**Data for review**

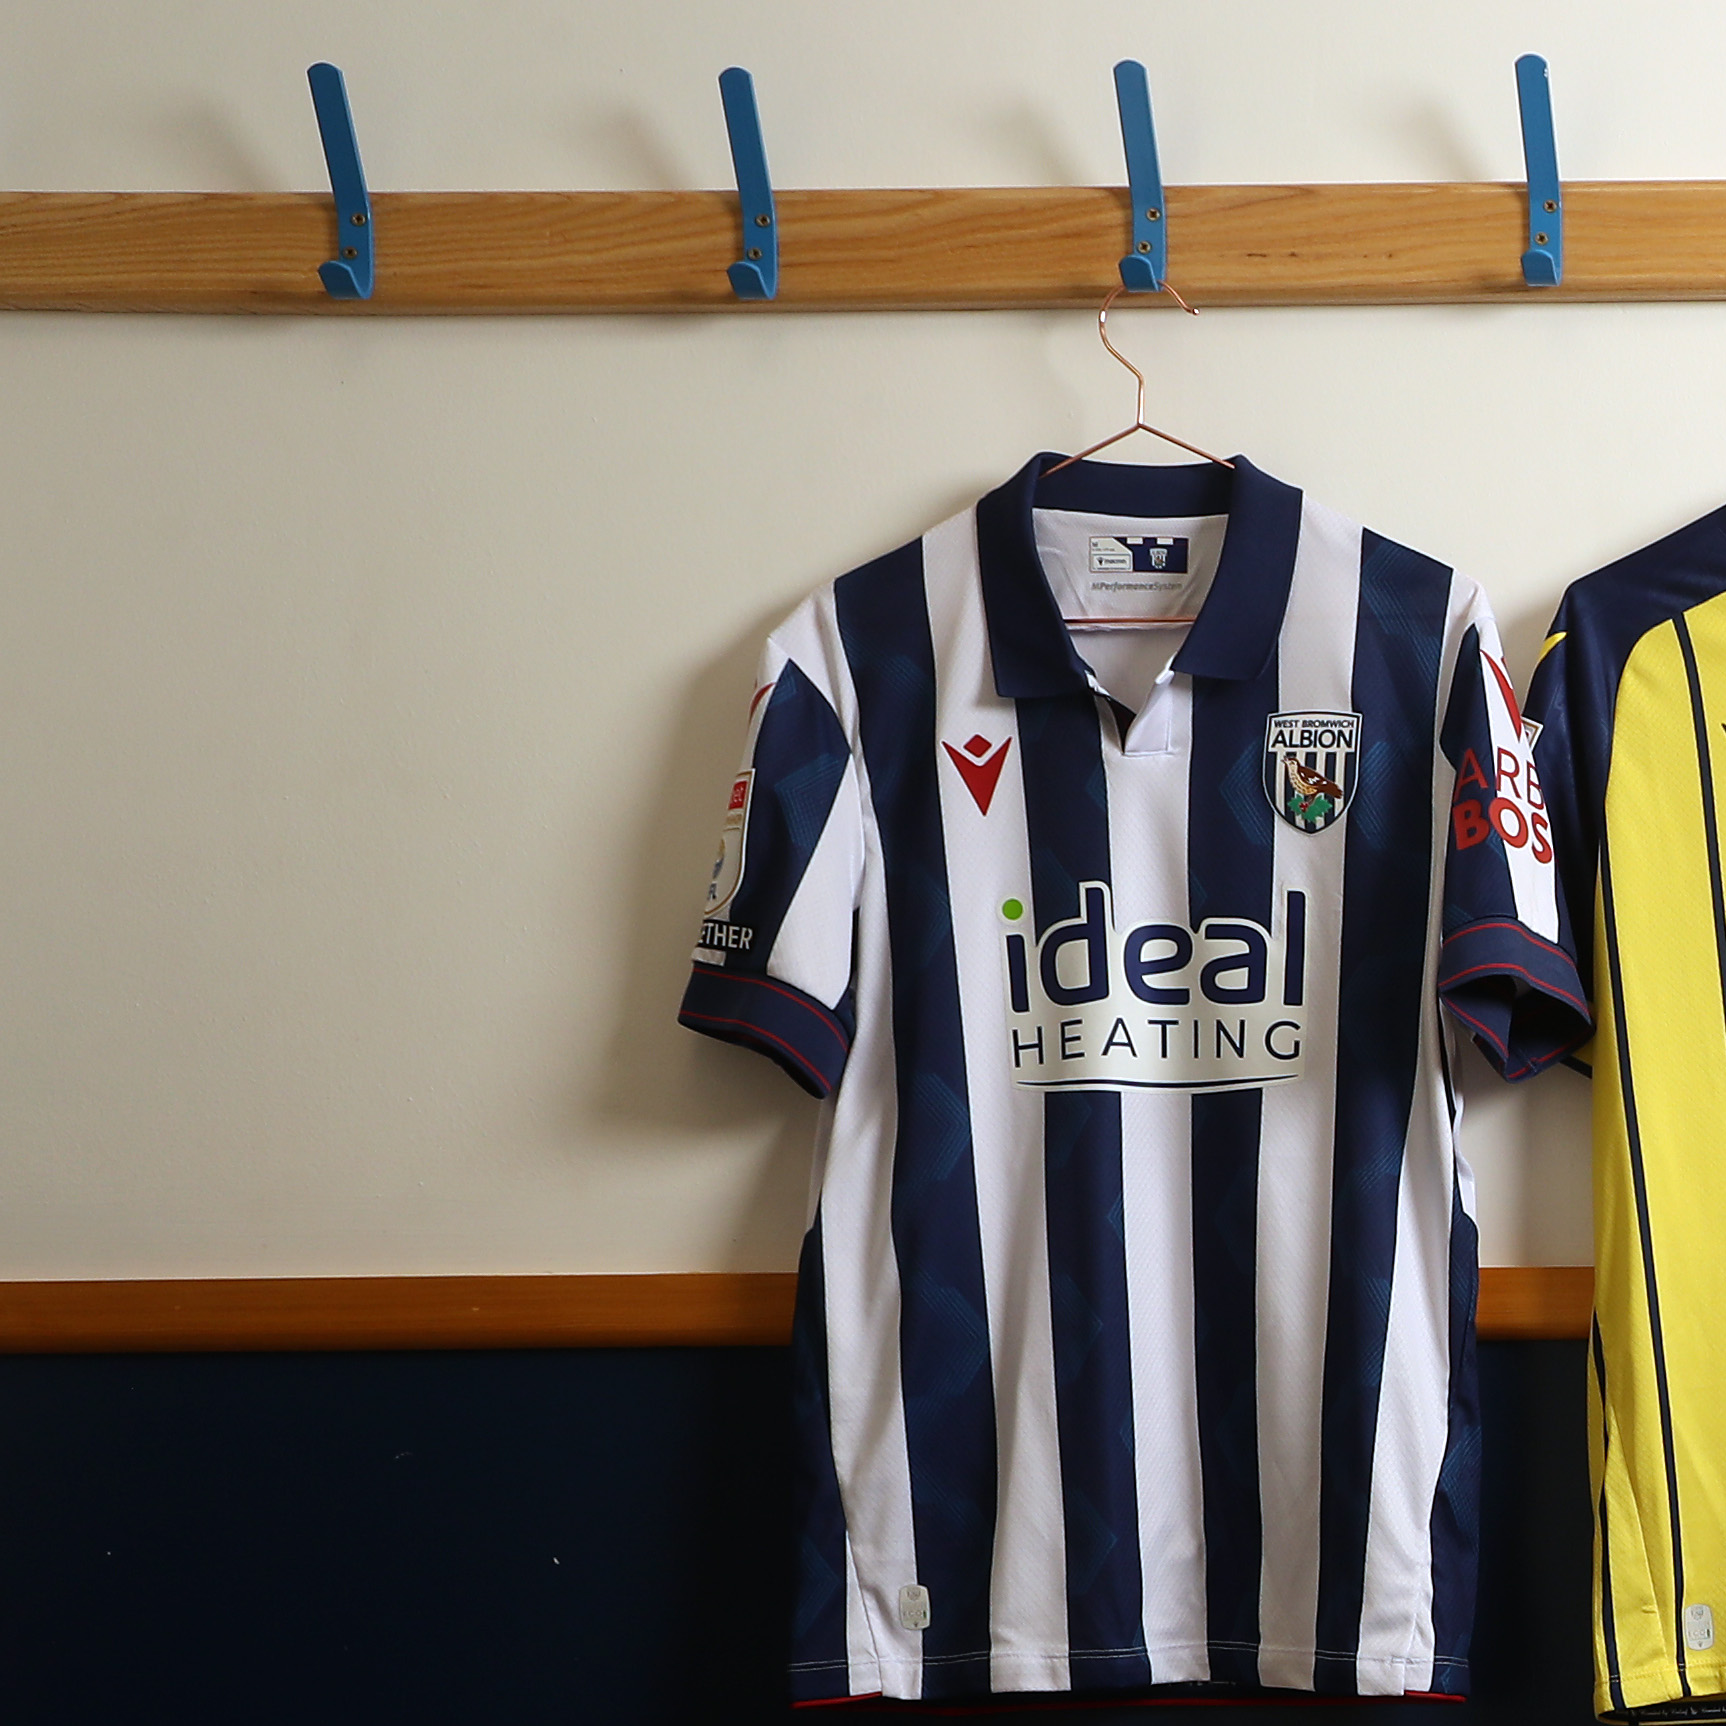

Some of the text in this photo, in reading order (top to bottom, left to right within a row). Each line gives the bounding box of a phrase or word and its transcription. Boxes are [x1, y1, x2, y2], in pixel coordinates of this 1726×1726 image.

[1271, 729, 1353, 748] ALBION
[1274, 719, 1354, 728] WEST BROMWICH
[1002, 887, 1306, 1012] ideal
[1013, 1018, 1302, 1067] HEATING
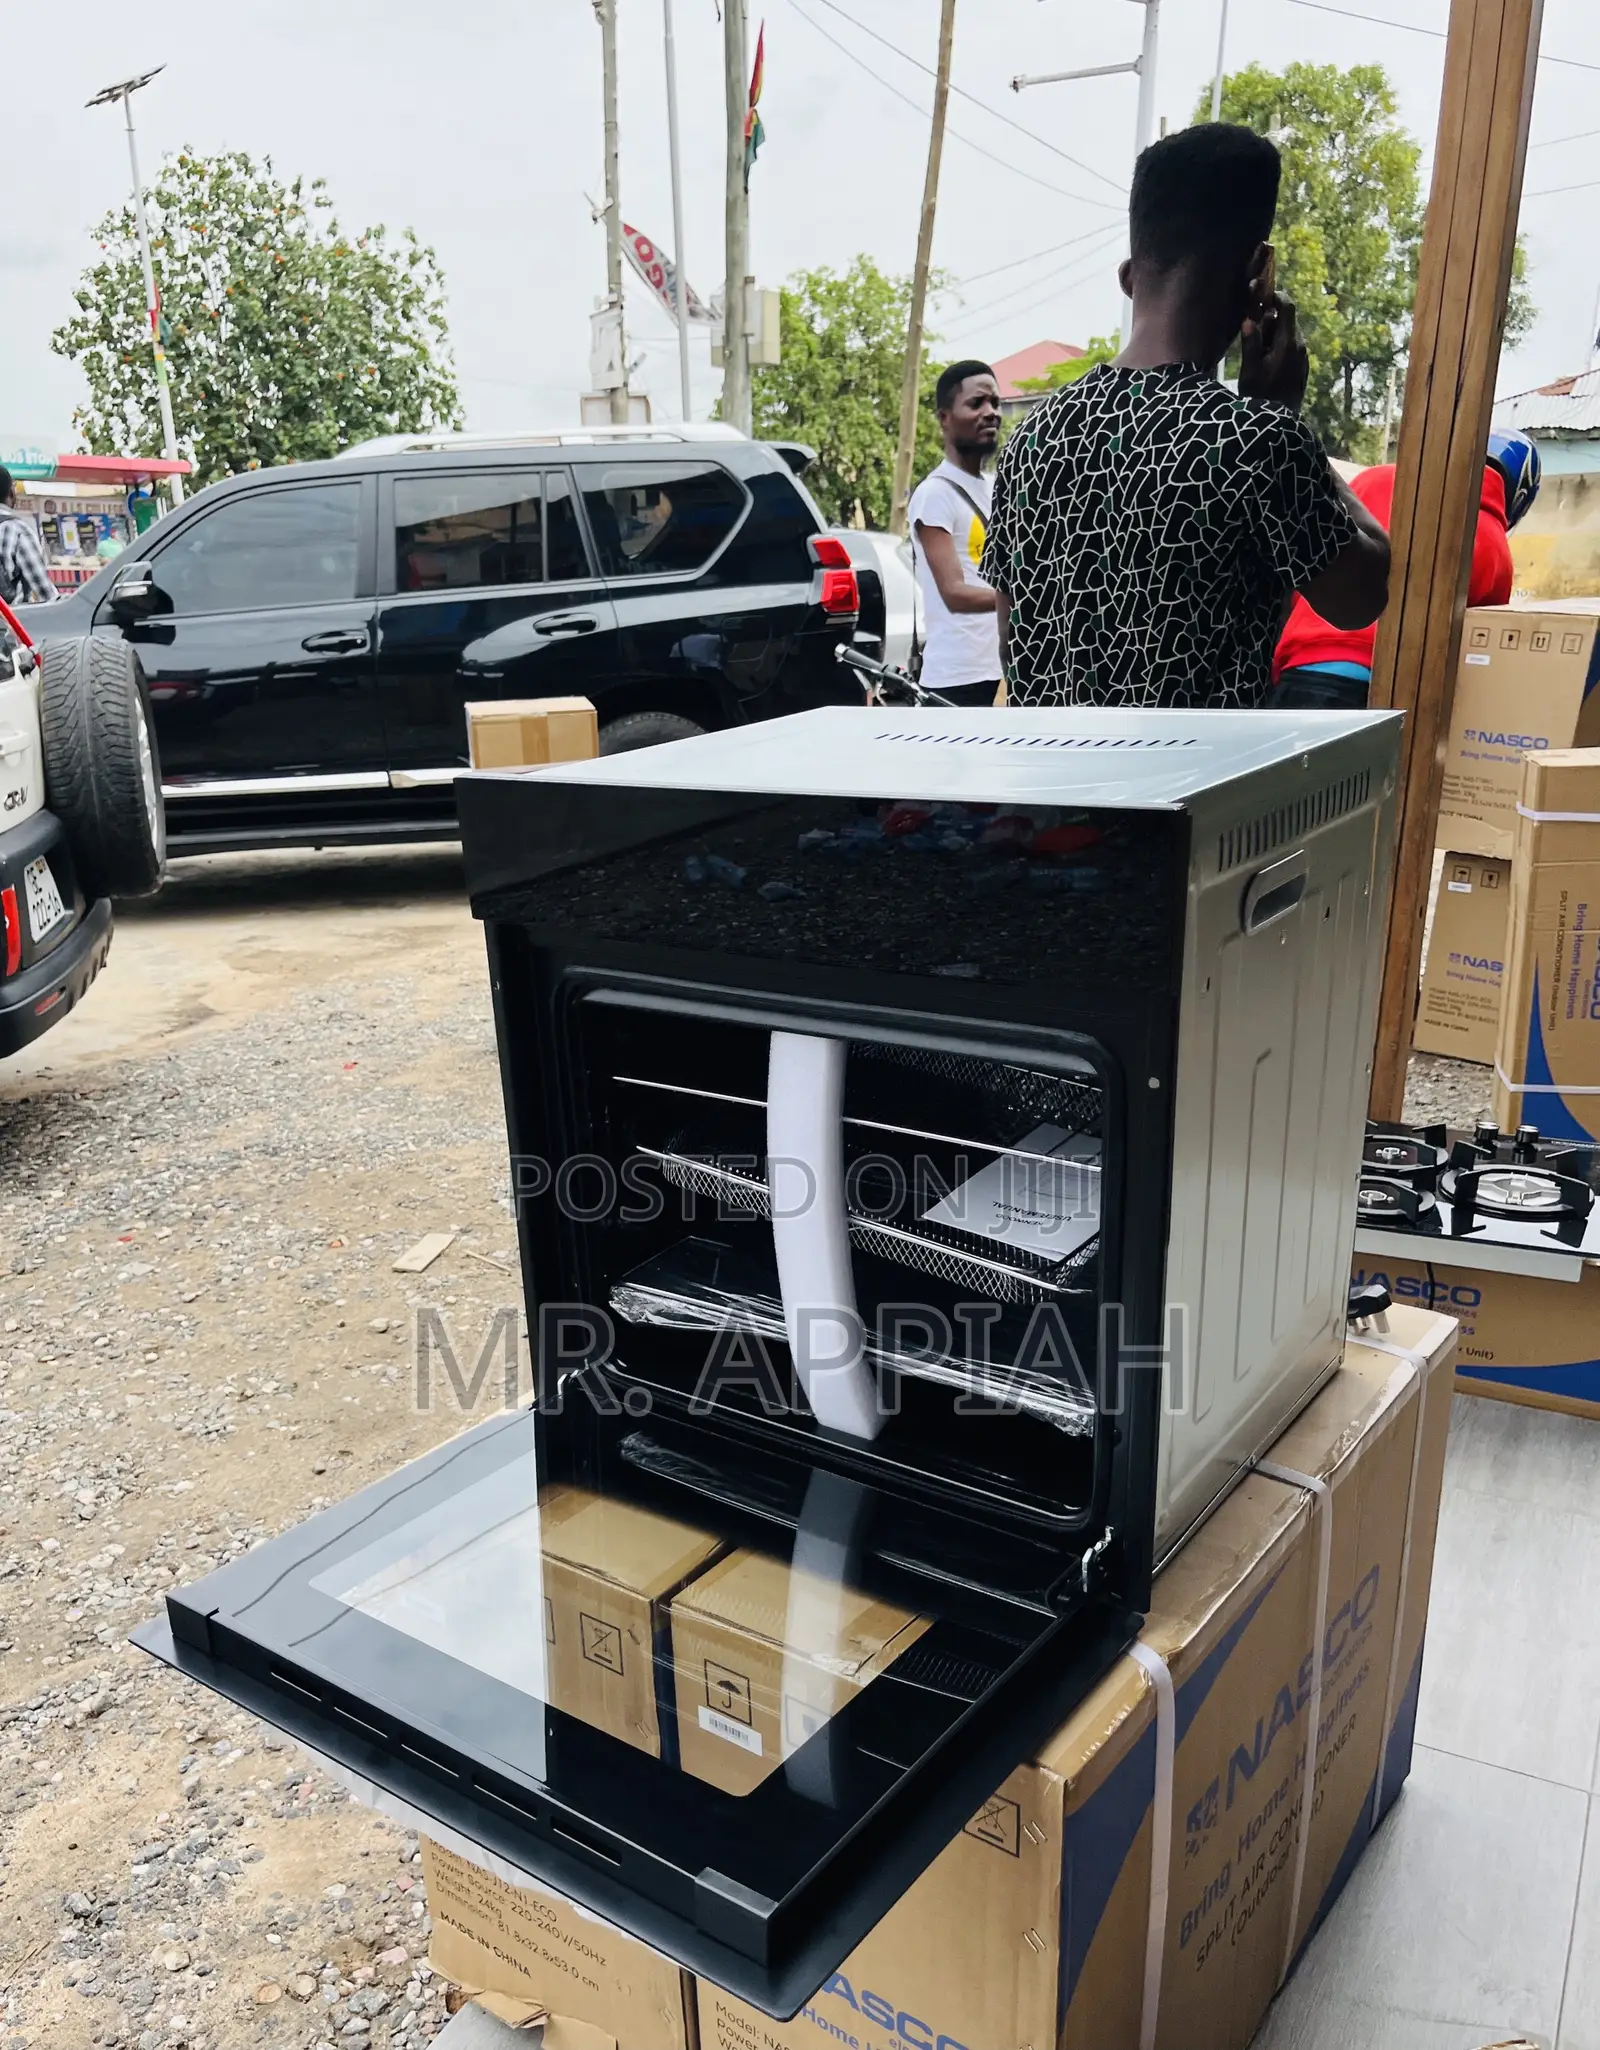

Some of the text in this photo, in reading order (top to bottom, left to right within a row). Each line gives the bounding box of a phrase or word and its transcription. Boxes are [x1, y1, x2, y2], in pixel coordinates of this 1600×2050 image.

[1478, 731, 1549, 750] NASCO
[1559, 890, 1568, 911] SPLIT
[1557, 914, 1566, 928] AIR
[1463, 956, 1504, 972] NAS
[1552, 929, 1565, 984] CONDITIONER
[1565, 903, 1588, 1020] Bring Home Happiness
[992, 1200, 1072, 1222] USER MANUAL
[1465, 1347, 1494, 1360] Unit)
[1180, 1656, 1370, 1950] Bring Home Hppiness
[1196, 1713, 1356, 1972] SPLIT AIR CONTIONER
[431, 1851, 464, 1878] Power
[510, 1901, 607, 1968] 220-240V/50Hz
[477, 1893, 502, 1920] 24kg
[1230, 1840, 1292, 1947] (Outdoor
[440, 1910, 532, 1979] MADE IN CHINA
[582, 1975, 600, 1992] cm
[715, 2001, 760, 2040] Model:
[801, 2006, 860, 2050] Home
[822, 1972, 970, 2050] ASC
[716, 2017, 758, 2050] Power

**Requirement**
The records above must be repeated in full and exactly, but without any of the pictures.

**Reply**
Some of the text in this photo, in reading order (top to bottom, left to right within a row). Each line gives the bounding box of a phrase or word and its transcription. Boxes are [x1, y1, x2, y2], in pixel coordinates of this 1726×1726 image.

[1271, 729, 1353, 748] ALBION
[1274, 719, 1354, 728] WEST BROMWICH
[1002, 887, 1306, 1012] ideal
[1013, 1018, 1302, 1067] HEATING

Some of the text in this photo, in reading order (top to bottom, left to right within a row). Each line gives the bounding box of a phrase or word and its transcription. Boxes are [x1, y1, x2, y2], in pixel coordinates of this 1600×2050 image.

[1478, 731, 1549, 750] NASCO
[1559, 890, 1568, 911] SPLIT
[1557, 914, 1566, 928] AIR
[1463, 956, 1504, 972] NAS
[1552, 929, 1565, 984] CONDITIONER
[1565, 903, 1588, 1020] Bring Home Happiness
[992, 1200, 1072, 1222] USER MANUAL
[1465, 1347, 1494, 1360] Unit)
[1180, 1656, 1370, 1950] Bring Home Hppiness
[1196, 1713, 1356, 1972] SPLIT AIR CONTIONER
[431, 1851, 464, 1878] Power
[510, 1901, 607, 1968] 220-240V/50Hz
[477, 1893, 502, 1920] 24kg
[1230, 1840, 1292, 1947] (Outdoor
[440, 1910, 532, 1979] MADE IN CHINA
[582, 1975, 600, 1992] cm
[715, 2001, 760, 2040] Model:
[801, 2006, 860, 2050] Home
[822, 1972, 970, 2050] ASC
[716, 2017, 758, 2050] Power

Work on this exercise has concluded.